Friday, July 07, 2017

Senators should question Wray about immigrant detentions

The Cheato's replacement FBI director, Christopher Wray, will get a Senate hearing on July 12. Wray has been called a "safe, mainstream pick" by the mainstream media.

But there's a piece of his career that many of us concerned about the administration's cavalier attitude toward due process rights for immigrants ought to be aware of -- and to push our Senators to explore in the hearing.

An article in the Daily Beast explained:

On September 11, 2001, Wray was working in the Deputy Attorney General’s office in downtown Washington D.C. After the attacks, government lawyers rushed to find what steps they could take to try to forestall any other potential attacks. One of the most controversial moves was by the Immigration and Naturalization Service (a now-defunct agency whose responsibilities were passed on to the Department of Homeland Security). The INS detained more than 700 people who the FBI suspected could have been linked to the 9/11 attacks. According to the watchdog report, issued by the Justice Department’s inspector general in April 2003, almost all were men, mostly from Pakistan, Egypt, Turkey, Jordan, India, and Yemen. They had all committed some sort of immigration violation, either staying longer than their visas allowed or entering the U.S. illegally.

That report noted that if those men had been arrested just because of the immigration violations, they either wouldn’t have been detained at all or would have been put in immigrant detention centers with access to visitors and attorneys. Instead, though, they were put in maximum security prisons and, at first, couldn’t communicate with their family or lawyers. It was a “communications blackout,” according to the report. The detainees’ families and lawyers didn’t know where they were or why they had been locked up.

And that’s how Wray wanted it.

The director of the Bureau of Prisons, Kathy Hawk Sawyer, told investigators that Wray and his colleagues directed her to restrict the detainees’ communication as much as was legal. ... Officials with the Bureau of Prisons told the inspector general that they did let detainees send mail so their families could know where they were being held. But the investigators wrote in the report that they had reason to believe that wasn’t true.

Some of the detainees were held in such secure conditions that prison officials didn’t even know they were there. Three attorneys went to the prisons where their clients were held, only to be told by staff that their clients weren’t there––because the staff truly believed they weren’t, as a result of blackout that Wray backed.

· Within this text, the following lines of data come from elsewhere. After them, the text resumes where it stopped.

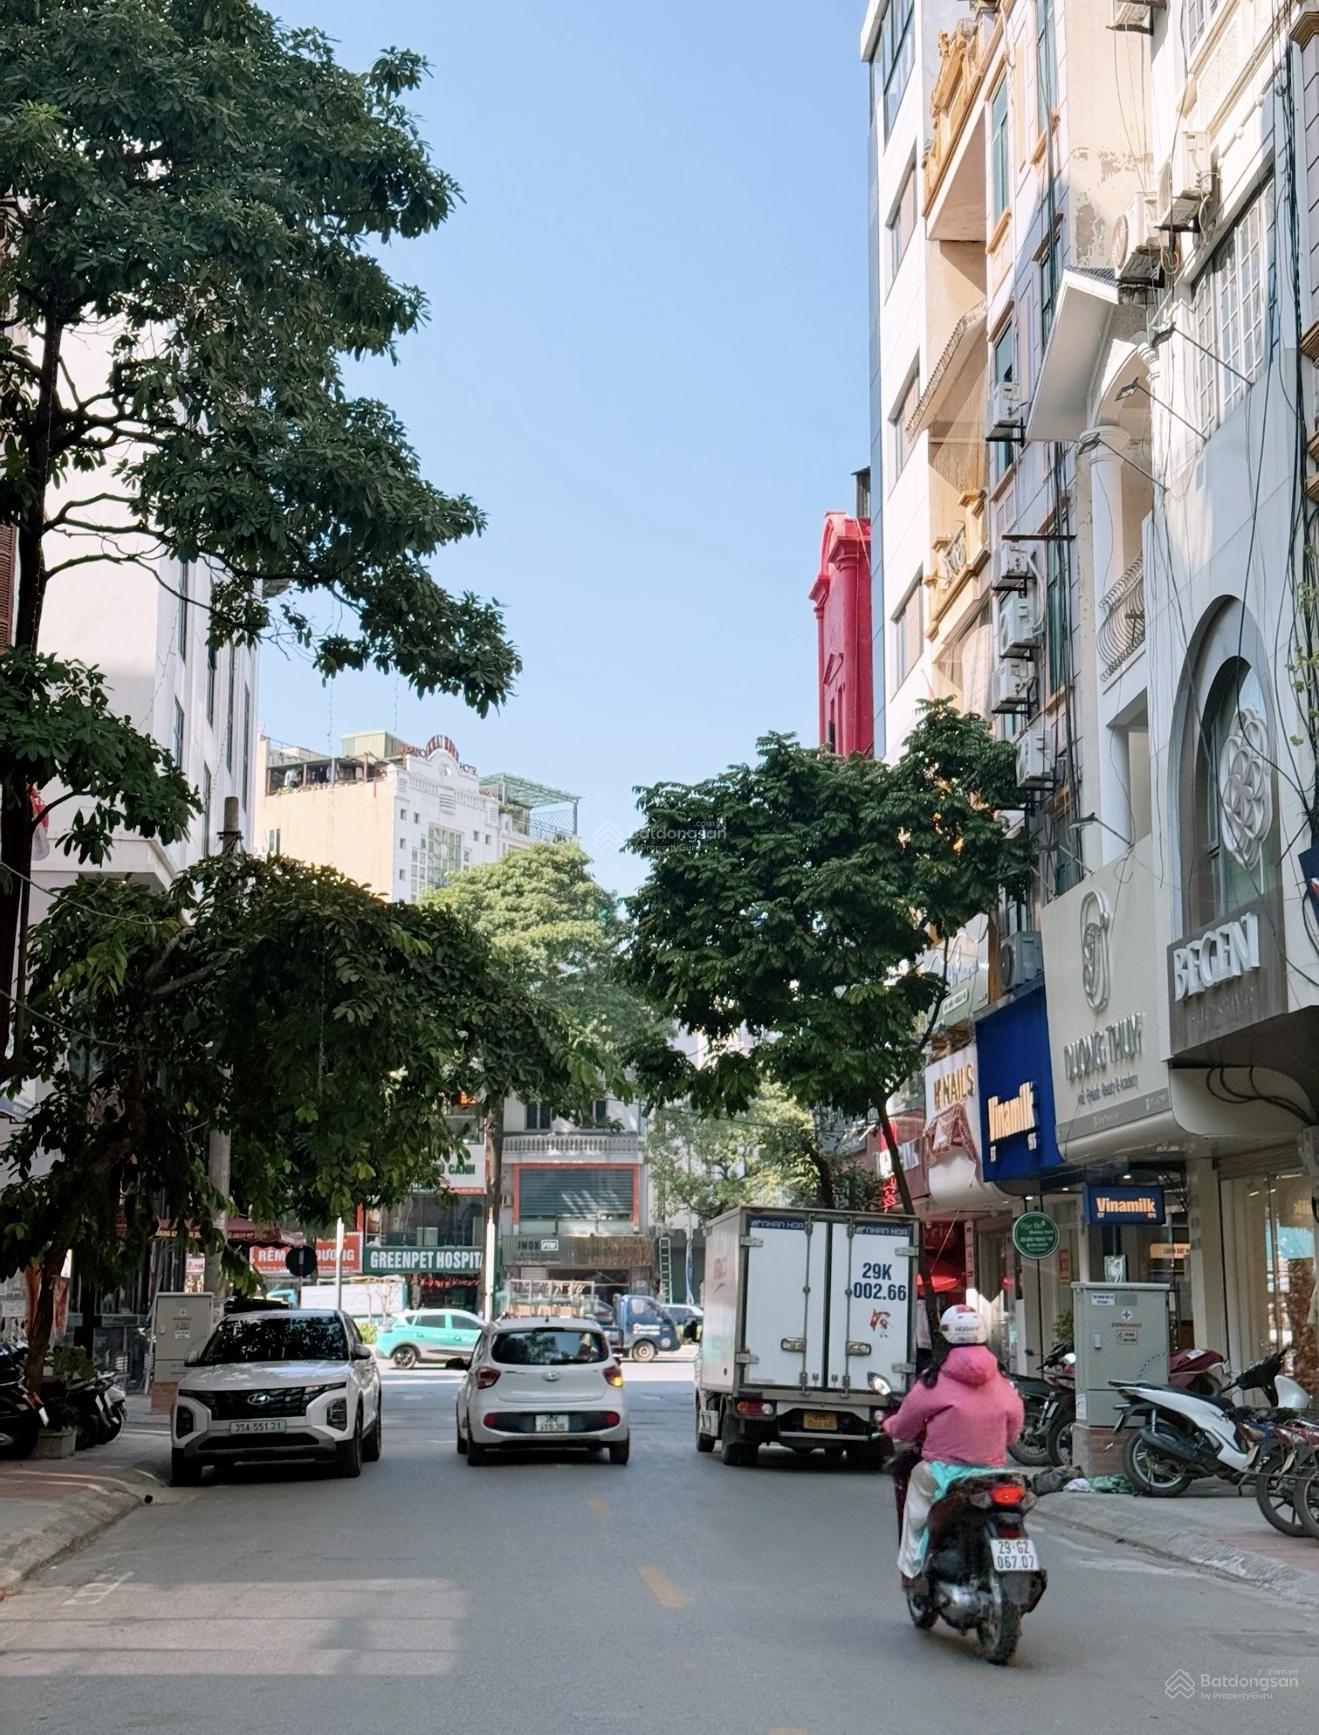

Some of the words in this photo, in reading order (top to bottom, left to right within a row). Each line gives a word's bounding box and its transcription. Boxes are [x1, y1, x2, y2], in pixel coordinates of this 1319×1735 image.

[1173, 911, 1261, 1002] BEGEN
[1096, 1197, 1156, 1214] Vinamilk
[370, 1251, 435, 1269] GREENPET
[862, 1262, 893, 1281] 29K
[853, 1282, 907, 1301] 002.66
[996, 1554, 1035, 1569] 067.07
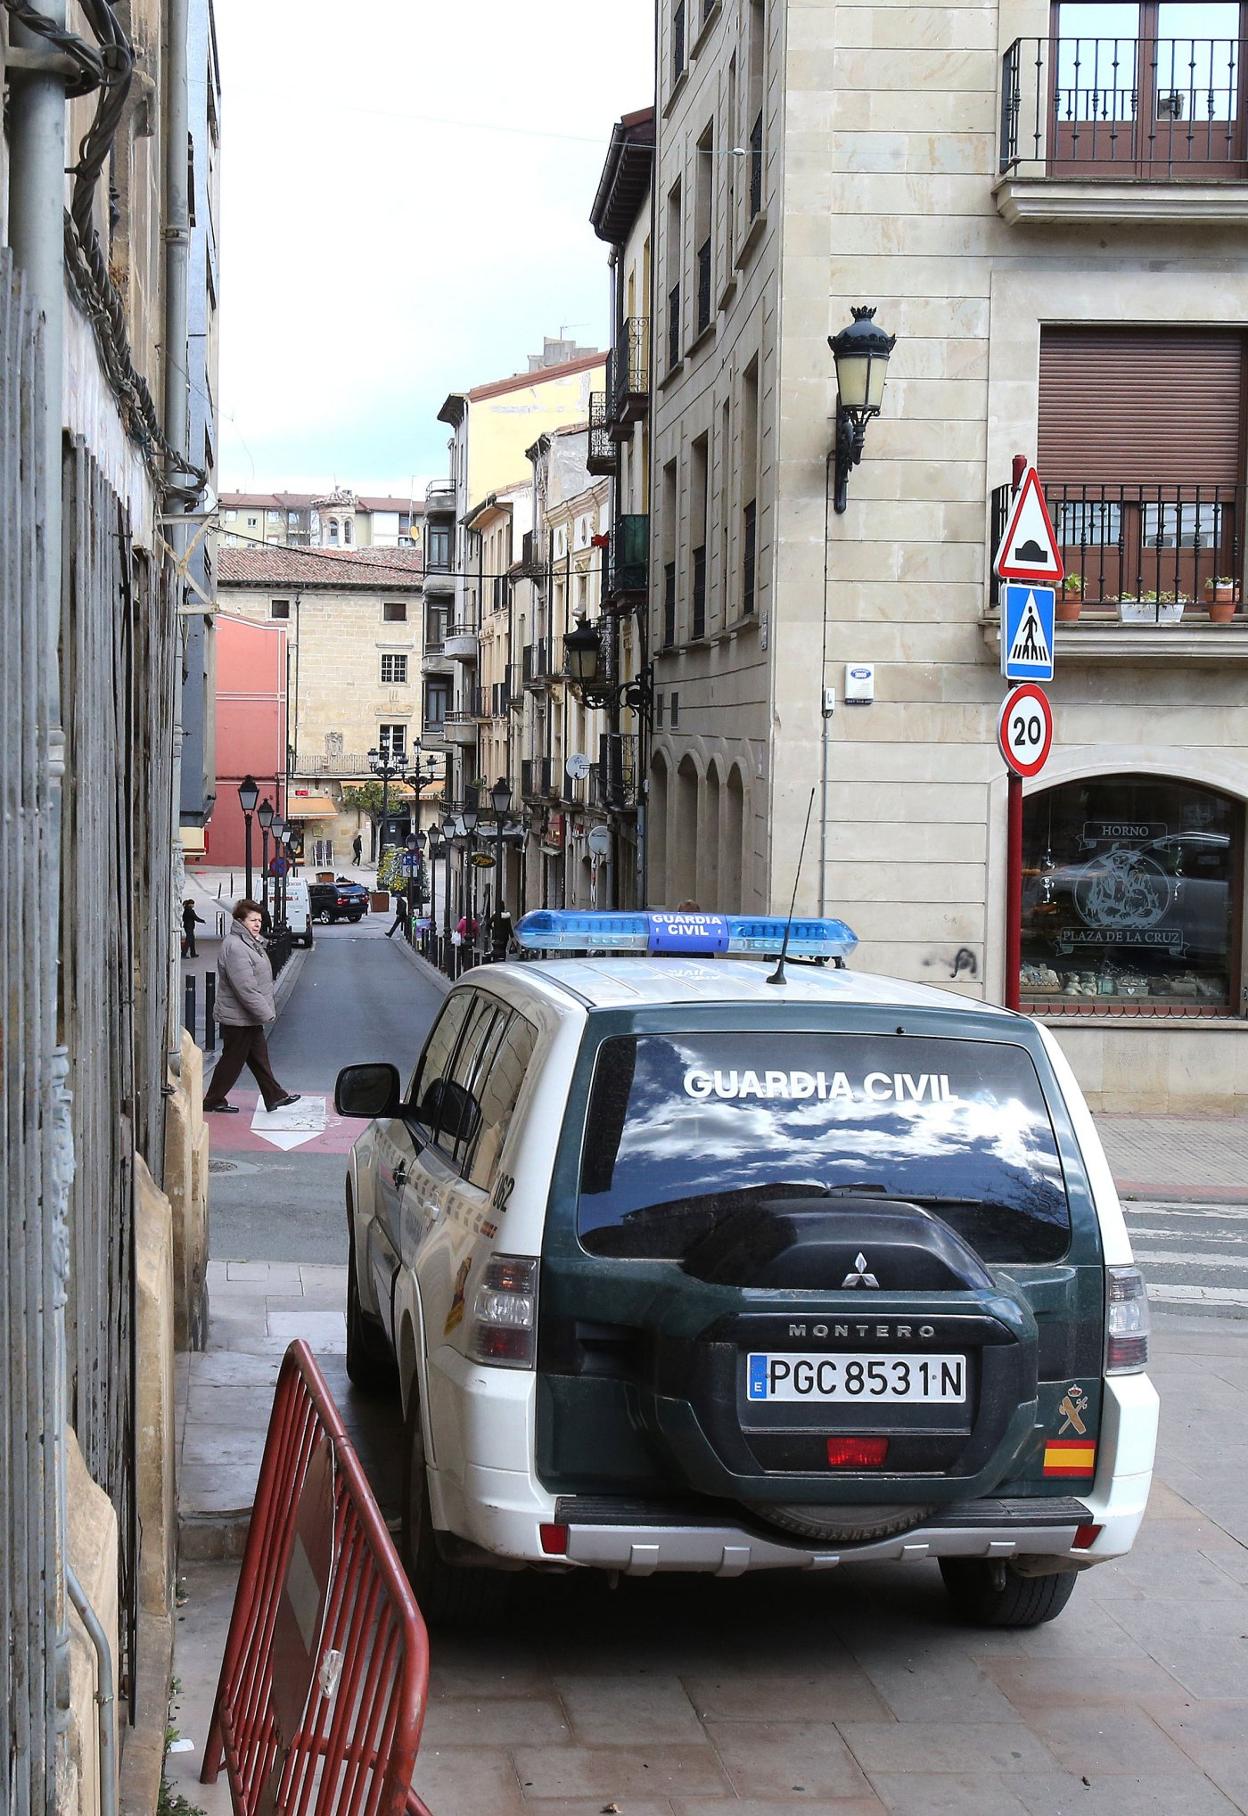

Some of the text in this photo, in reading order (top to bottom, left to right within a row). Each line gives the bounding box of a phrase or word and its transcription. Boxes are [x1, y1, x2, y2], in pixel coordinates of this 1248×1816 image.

[1013, 716, 1041, 746] 20
[1102, 825, 1149, 836] HORNO
[652, 914, 722, 924] GUARDIA
[668, 925, 709, 936] CIVIL
[1062, 931, 1180, 943] PLAZA DE LA CRUZ
[683, 1070, 959, 1101] GUARDIA CIVIL
[789, 1323, 936, 1338] MONTERO
[753, 1381, 763, 1393] E

Post-911 incommunicado detentions of immigrants who might ordinarily have been only briefly arrested both reflected and enhanced the atmosphere of unreasoning terror that the Bush government fostered in that sad moment. The government's own report describes cruel, lawless, and sloppy procedure throughout he episode.

The federal detentions Wray supervised were not as bad as the literally tortuous detentions of hundreds of mostly Pakistani men (none of whom were ever connected to the 9/11 attacks) carried out by New York authorities. But Wray's work was not blameless either; should we ever choose to let go of unreasoning fear, this episode will be something to apologize for.

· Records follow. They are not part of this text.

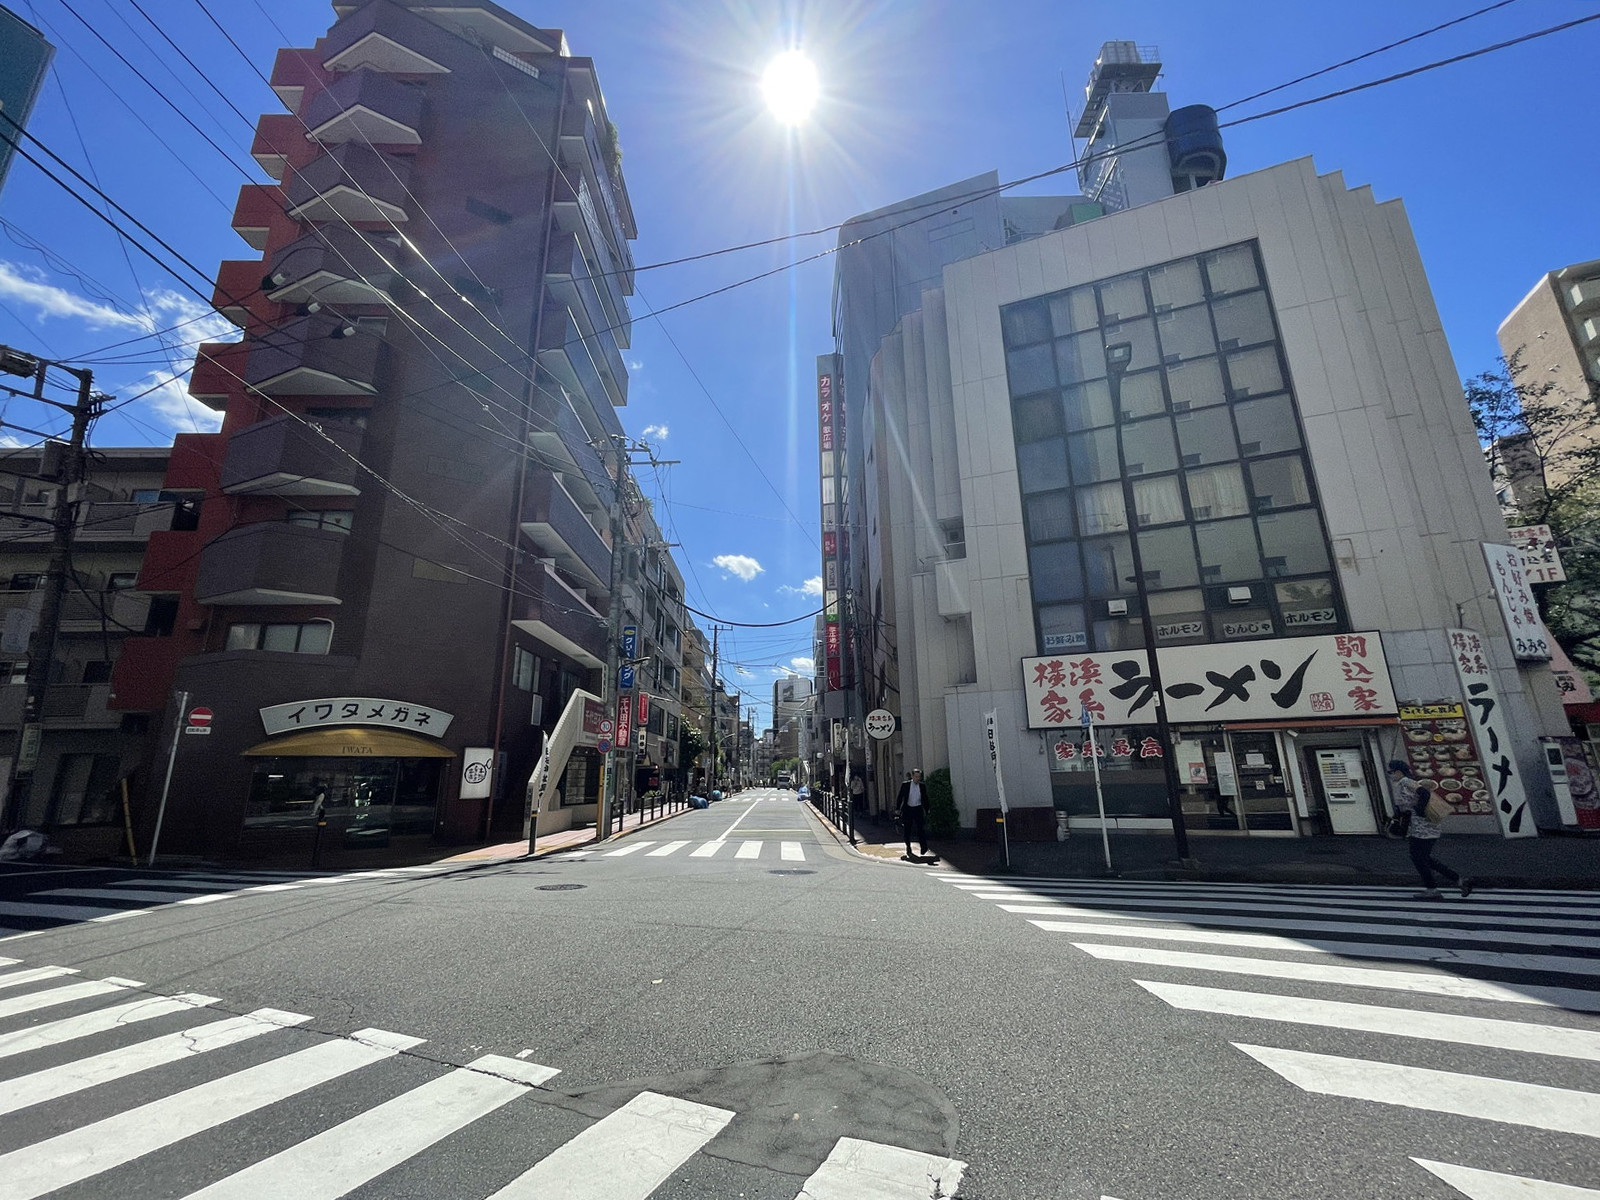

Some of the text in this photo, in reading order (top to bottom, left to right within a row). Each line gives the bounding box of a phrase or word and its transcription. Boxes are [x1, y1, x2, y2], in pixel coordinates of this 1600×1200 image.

[1536, 567, 1558, 581] 1F
[1496, 559, 1522, 630] もんじゃ
[1506, 550, 1537, 625] お好み焼
[1224, 622, 1271, 634] もんじゃ
[1286, 610, 1334, 624] ホルモン
[1158, 624, 1202, 636] ホルモン
[1451, 632, 1482, 653] 横浜
[1516, 637, 1548, 654] みみや
[1033, 657, 1103, 689] 横浜
[1334, 635, 1382, 711] 駒込家
[1458, 652, 1488, 675] 家系
[1109, 649, 1319, 718] ラーメン
[288, 703, 432, 727] イワタメガネ
[1041, 688, 1105, 723] 家系
[618, 697, 629, 747] 千代田不動産
[868, 722, 894, 733] ラーメン
[341, 745, 373, 755] IWATA
[1054, 736, 1165, 760] 家系最高
[1467, 683, 1527, 833] ラーメン

The ACLU is asking Senators to question Wray about his involvement to Bush-era legal shenanigans that led to their engaging in torture. Senators should also inquire about how Wray might faithfully carry out the law toward immigrants and Muslims in his proposed postion.


Hattie said...

The worst of this is the needless suffering that these imprisoned people endure. Also of grave concern is the impact of government lawlessness on the rights of all of us.

janinsanfran said...

Terrorism is never going to damage this country as much as fear-induced scorn for a hard-won rule of law, civilized procedure, and due process. Sure, lots of people don't get the level of due process that white citizens expect and sometimes recieve, but that just means we need to work to extend the rule of law to all, not to further constrain it.

Wray needs scrutiny. I don't know if he'll get it, beyond Senators seeking assurances that he'll defend the Mueller investigation. There are many other matters ...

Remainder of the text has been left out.